### Exercise
Transcribe, without alteration, the line that includes "Some of the words" and each line after it until the records end, omitting all that precede it.

### Available data
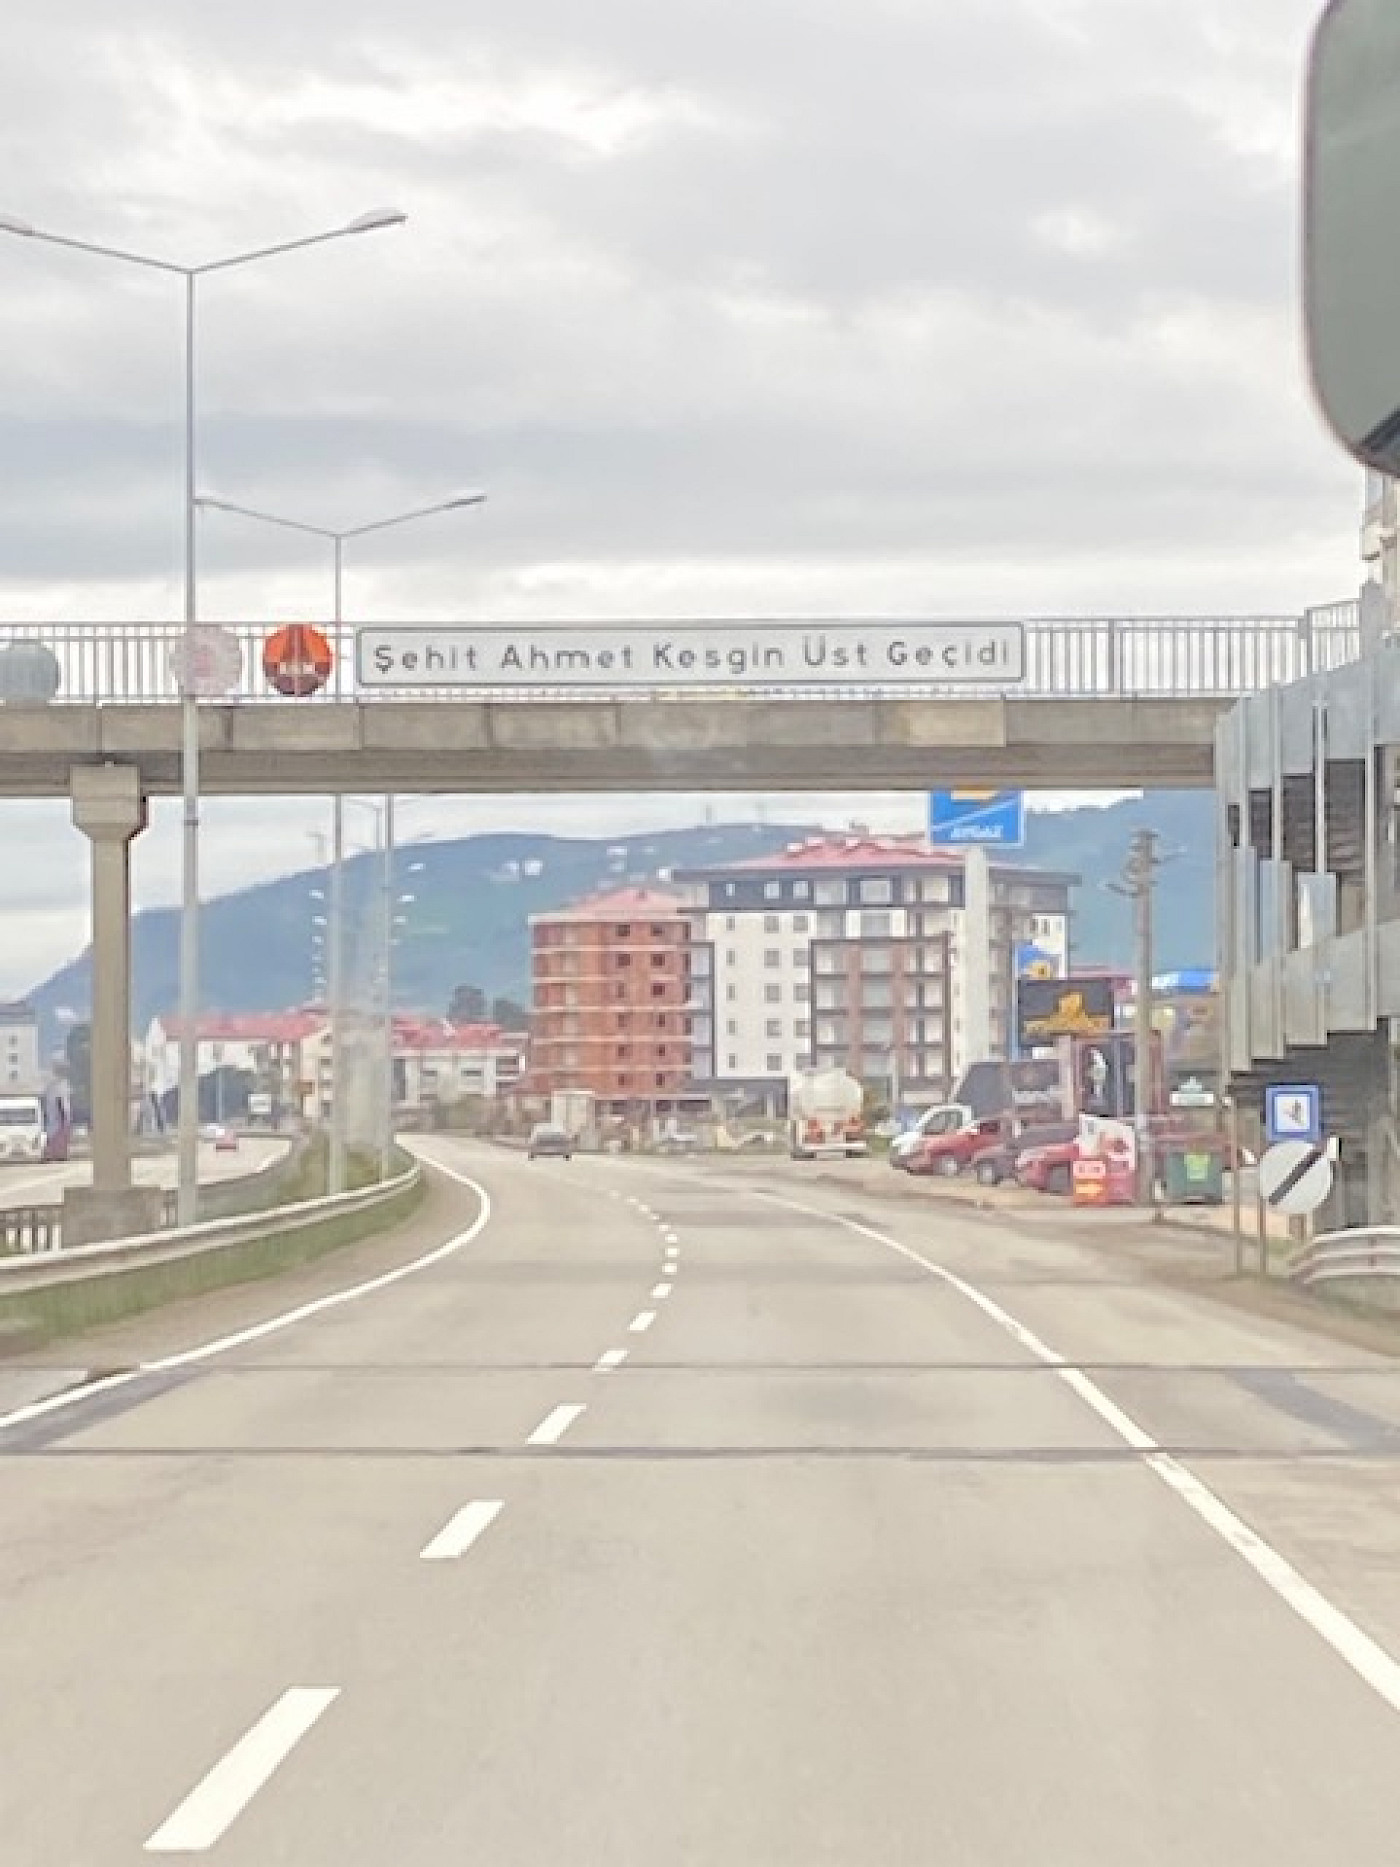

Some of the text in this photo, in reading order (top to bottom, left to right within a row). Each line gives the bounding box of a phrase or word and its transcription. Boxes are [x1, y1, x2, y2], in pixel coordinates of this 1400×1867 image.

[373, 635, 1010, 674] Şehit Ahmet Kesgin Üst Geçidi
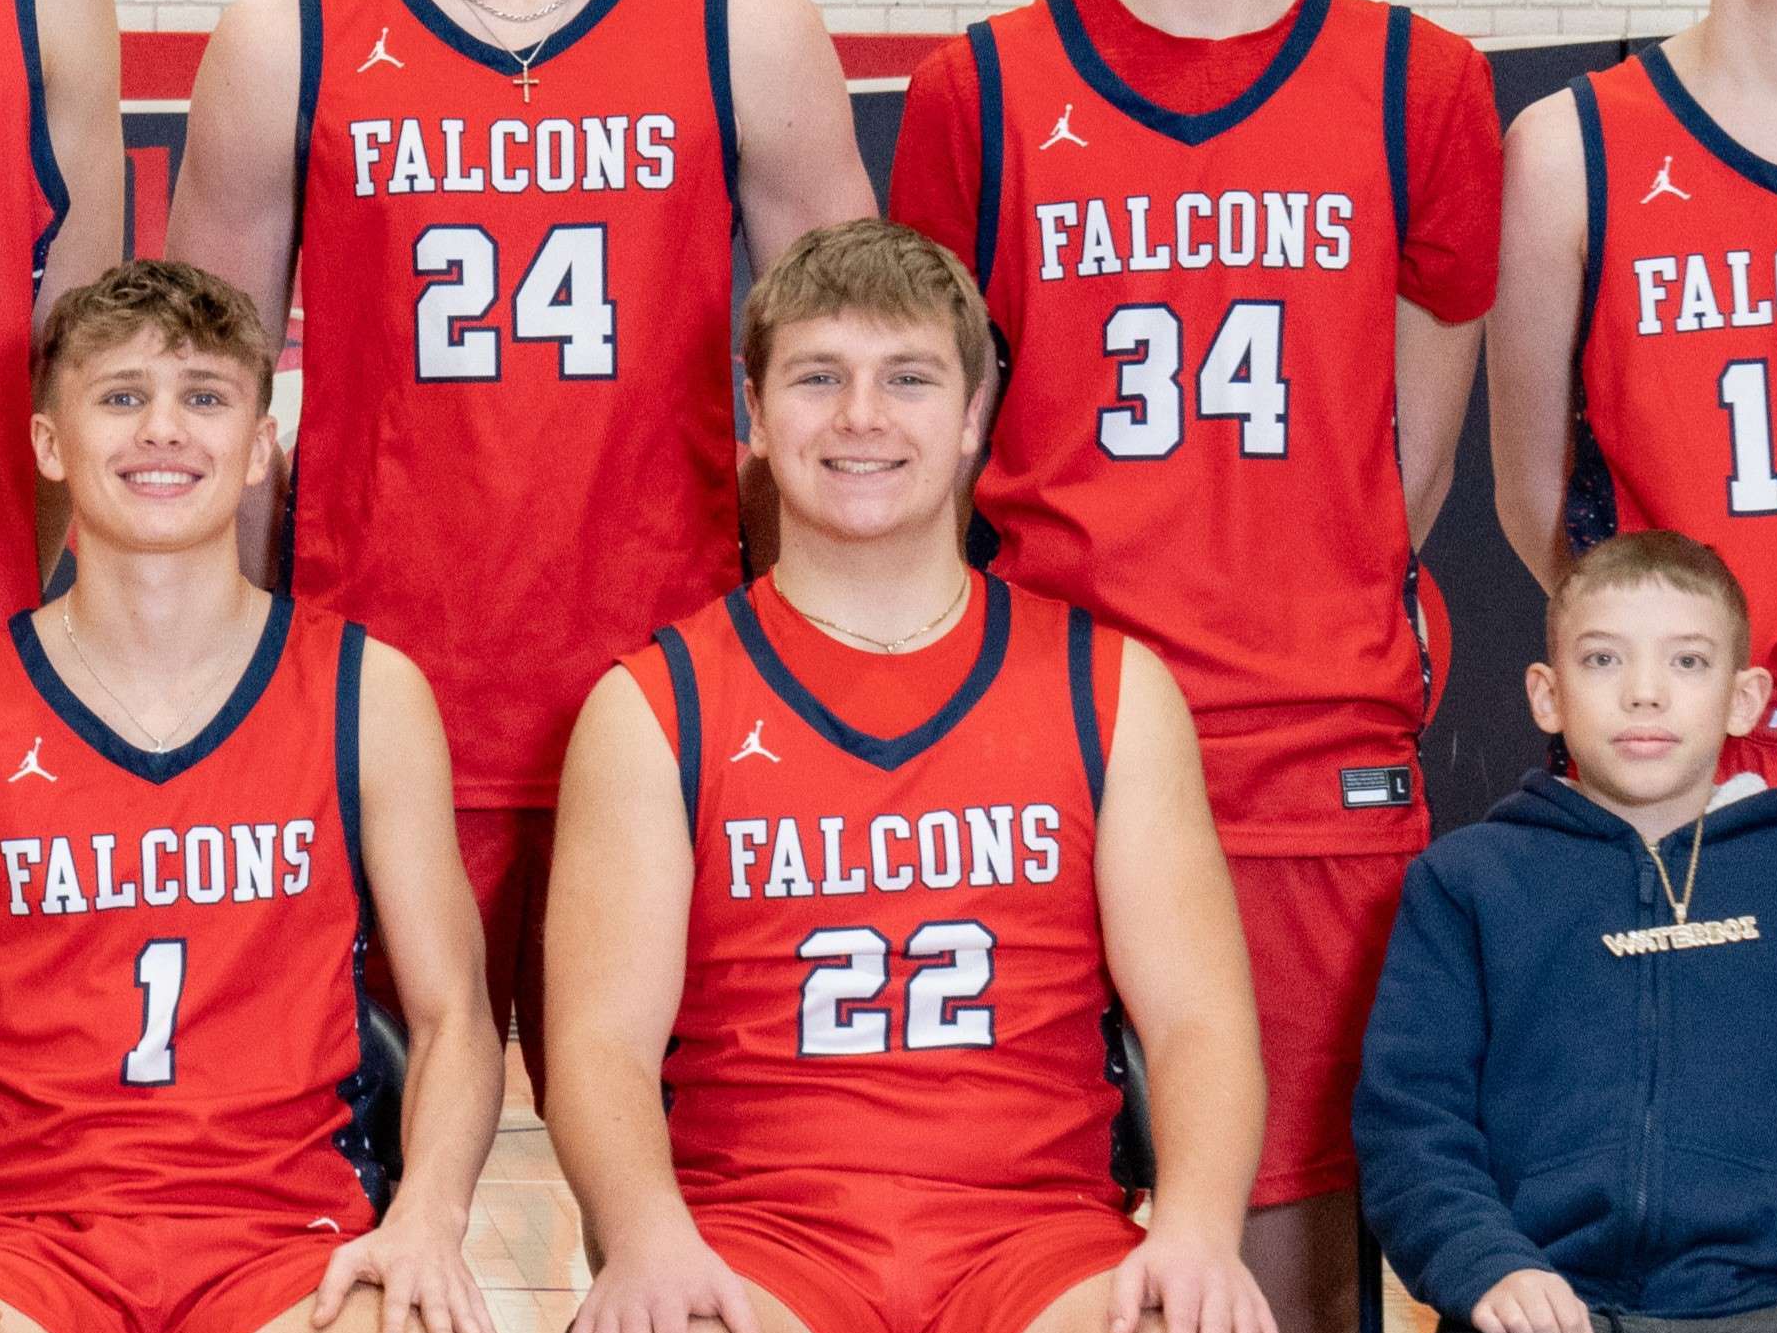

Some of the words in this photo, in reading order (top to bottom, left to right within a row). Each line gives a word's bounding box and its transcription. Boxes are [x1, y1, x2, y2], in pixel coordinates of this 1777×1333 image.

[349, 114, 677, 197] FALCONS
[1035, 190, 1355, 282] FALCONS
[412, 222, 618, 384] 24
[1097, 298, 1290, 462] 34
[1396, 777, 1406, 794] L
[723, 802, 1062, 900] FALCONS
[120, 938, 188, 1087] 1
[797, 918, 996, 1059] 22

### Task response
Some of the words in this photo, in reading order (top to bottom, left to right within a row). Each line gives a word's bounding box and its transcription. Boxes are [x1, y1, x2, y2], in pixel coordinates of this 1777×1333 image.

[349, 114, 677, 197] FALCONS
[1035, 190, 1355, 282] FALCONS
[412, 222, 618, 384] 24
[1097, 298, 1290, 462] 34
[1396, 777, 1406, 794] L
[723, 802, 1062, 900] FALCONS
[120, 938, 188, 1087] 1
[797, 918, 996, 1059] 22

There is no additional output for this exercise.